The entries below are to be copied exactly, with every picture left out.

Referring expression grounding data
━━━━━━━━━━━━━━━━

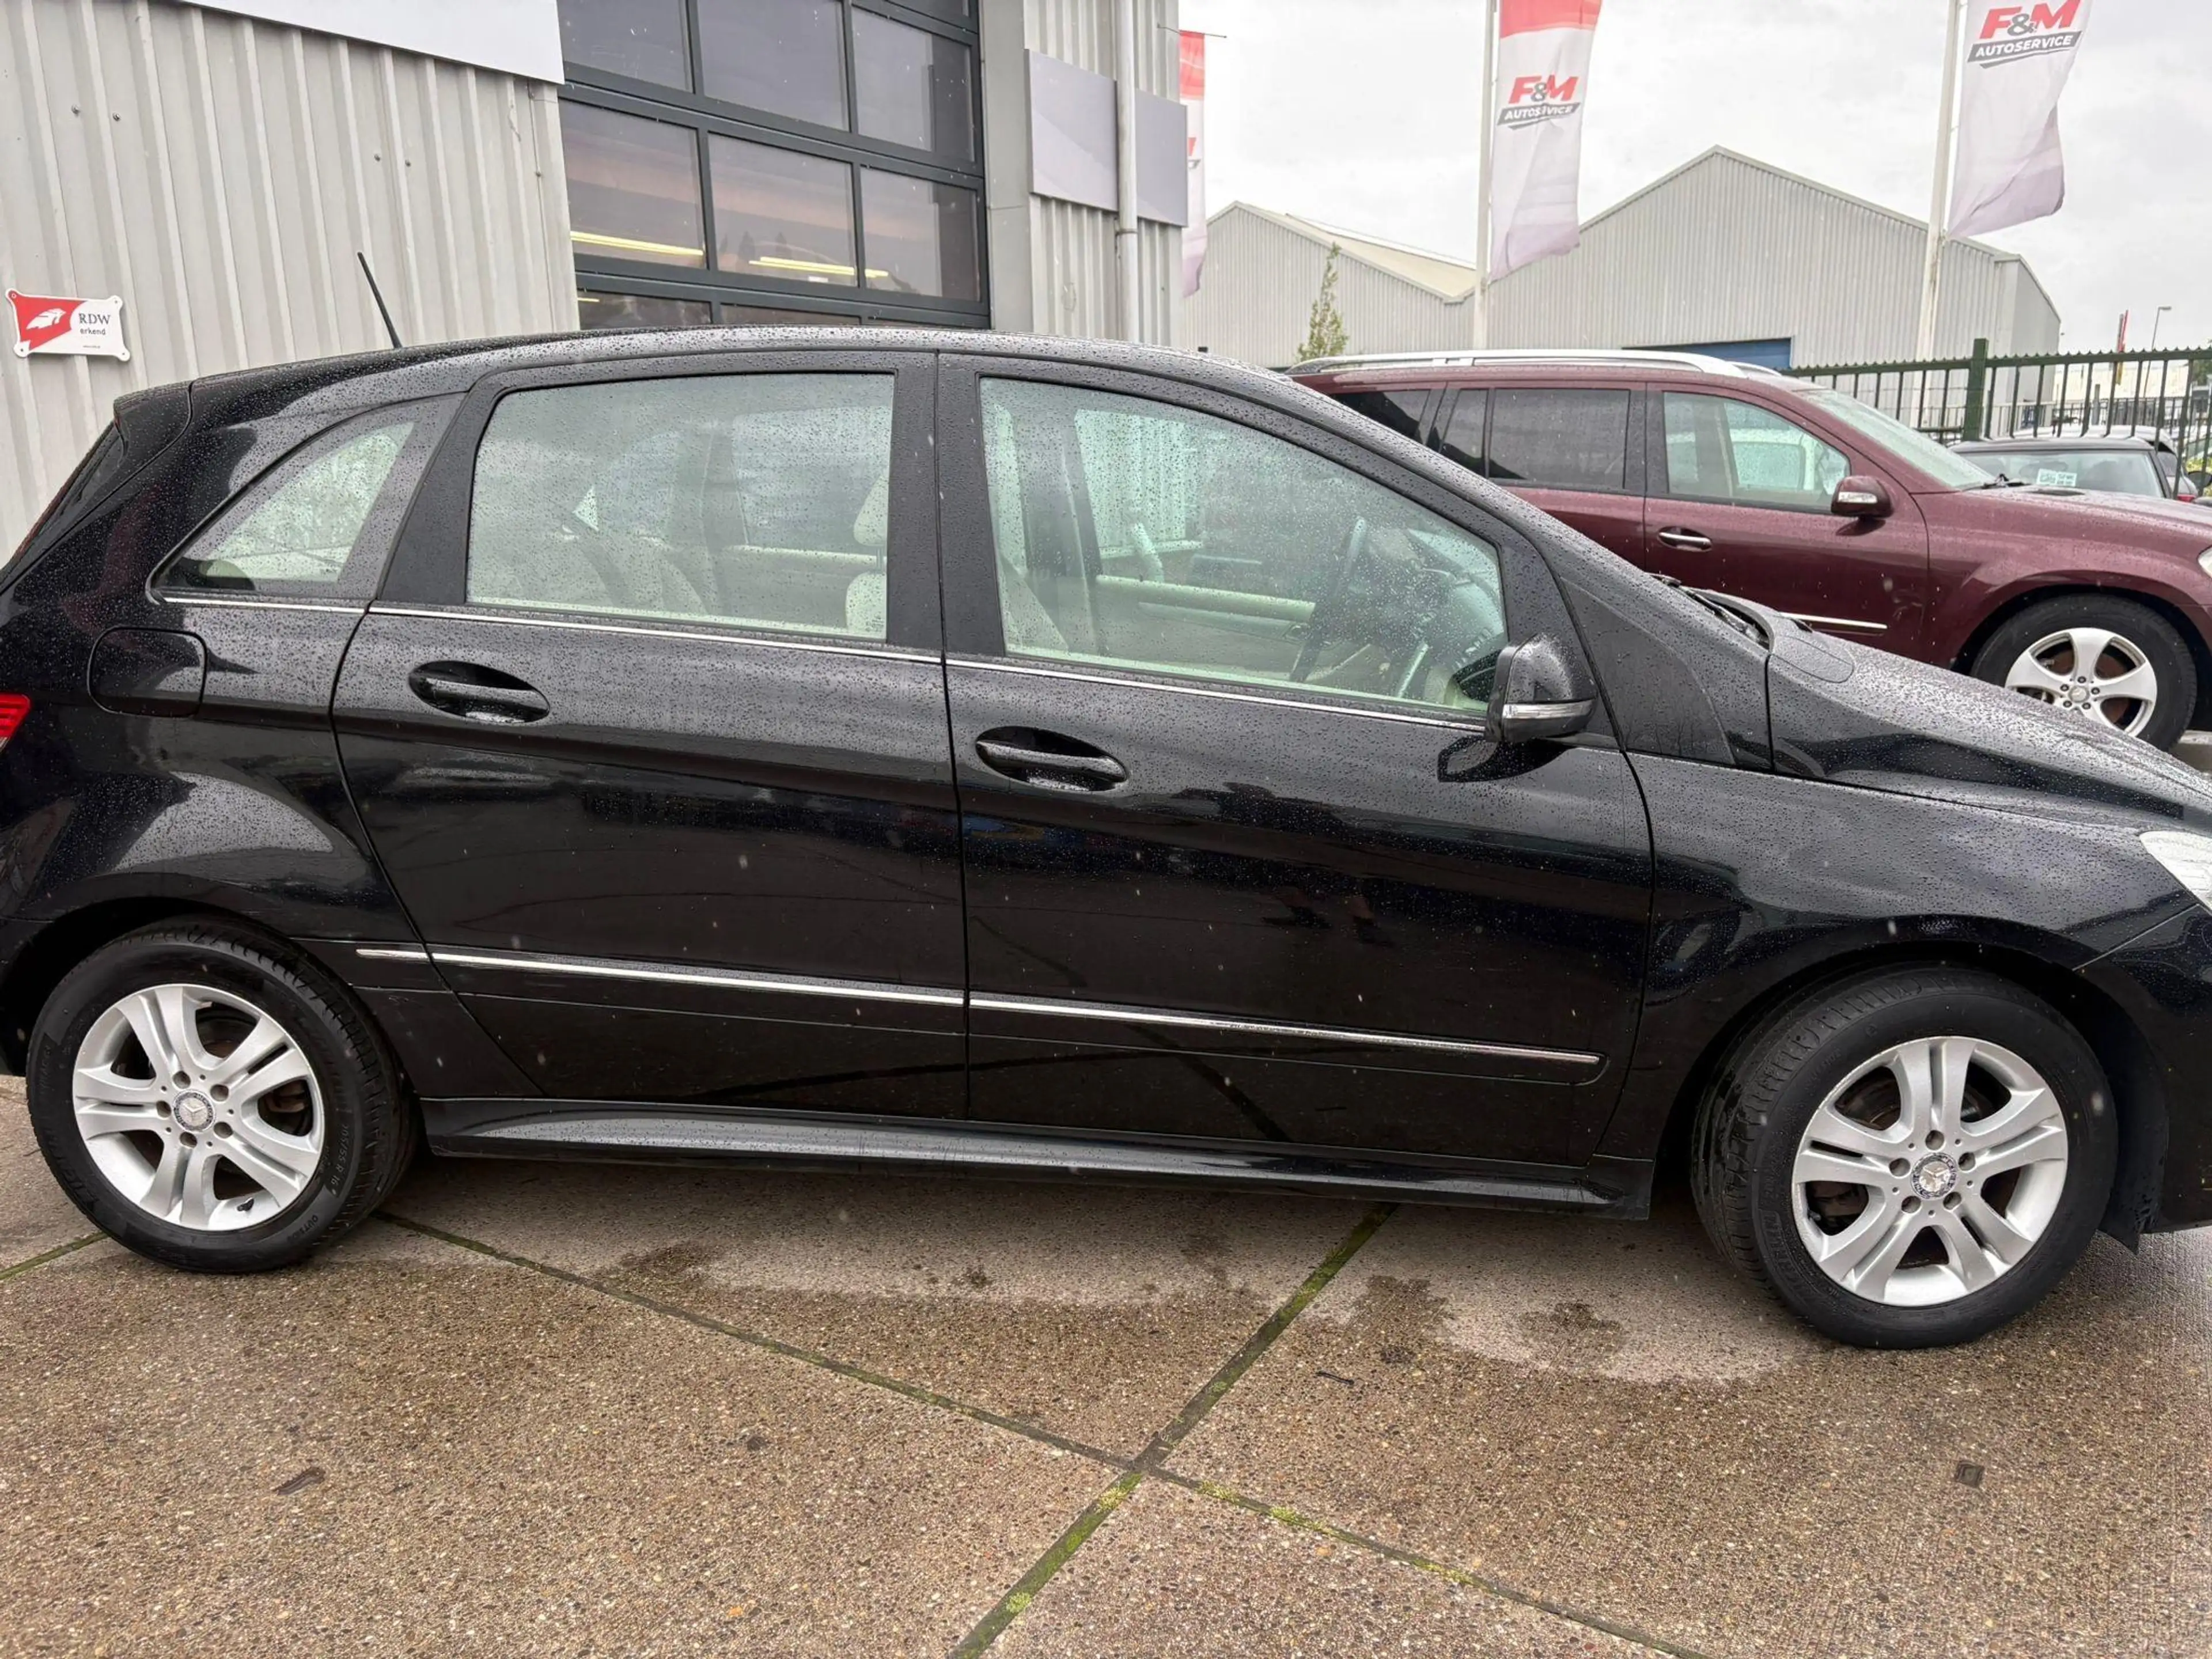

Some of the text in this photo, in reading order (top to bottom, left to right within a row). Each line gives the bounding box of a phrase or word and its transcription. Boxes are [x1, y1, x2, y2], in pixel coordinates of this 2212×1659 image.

[1979, 0, 2081, 39] F&M
[1975, 35, 2074, 58] AUTOSERVICE
[1508, 74, 1579, 104] F&M
[78, 313, 111, 325] RDW
[79, 327, 106, 335] erkend
[336, 1164, 344, 1173] R

━━━━━━━━━━━━━━━━

[COMPLETED EXERCISE]
Some of the text in this photo, in reading order (top to bottom, left to right within a row). Each line gives the bounding box of a phrase or word and its transcription. Boxes are [x1, y1, x2, y2], in pixel coordinates of this 2212×1659 image.

[1979, 0, 2081, 39] F&M
[1975, 35, 2074, 58] AUTOSERVICE
[1508, 74, 1579, 104] F&M
[78, 313, 111, 325] RDW
[79, 327, 106, 335] erkend
[336, 1164, 344, 1173] R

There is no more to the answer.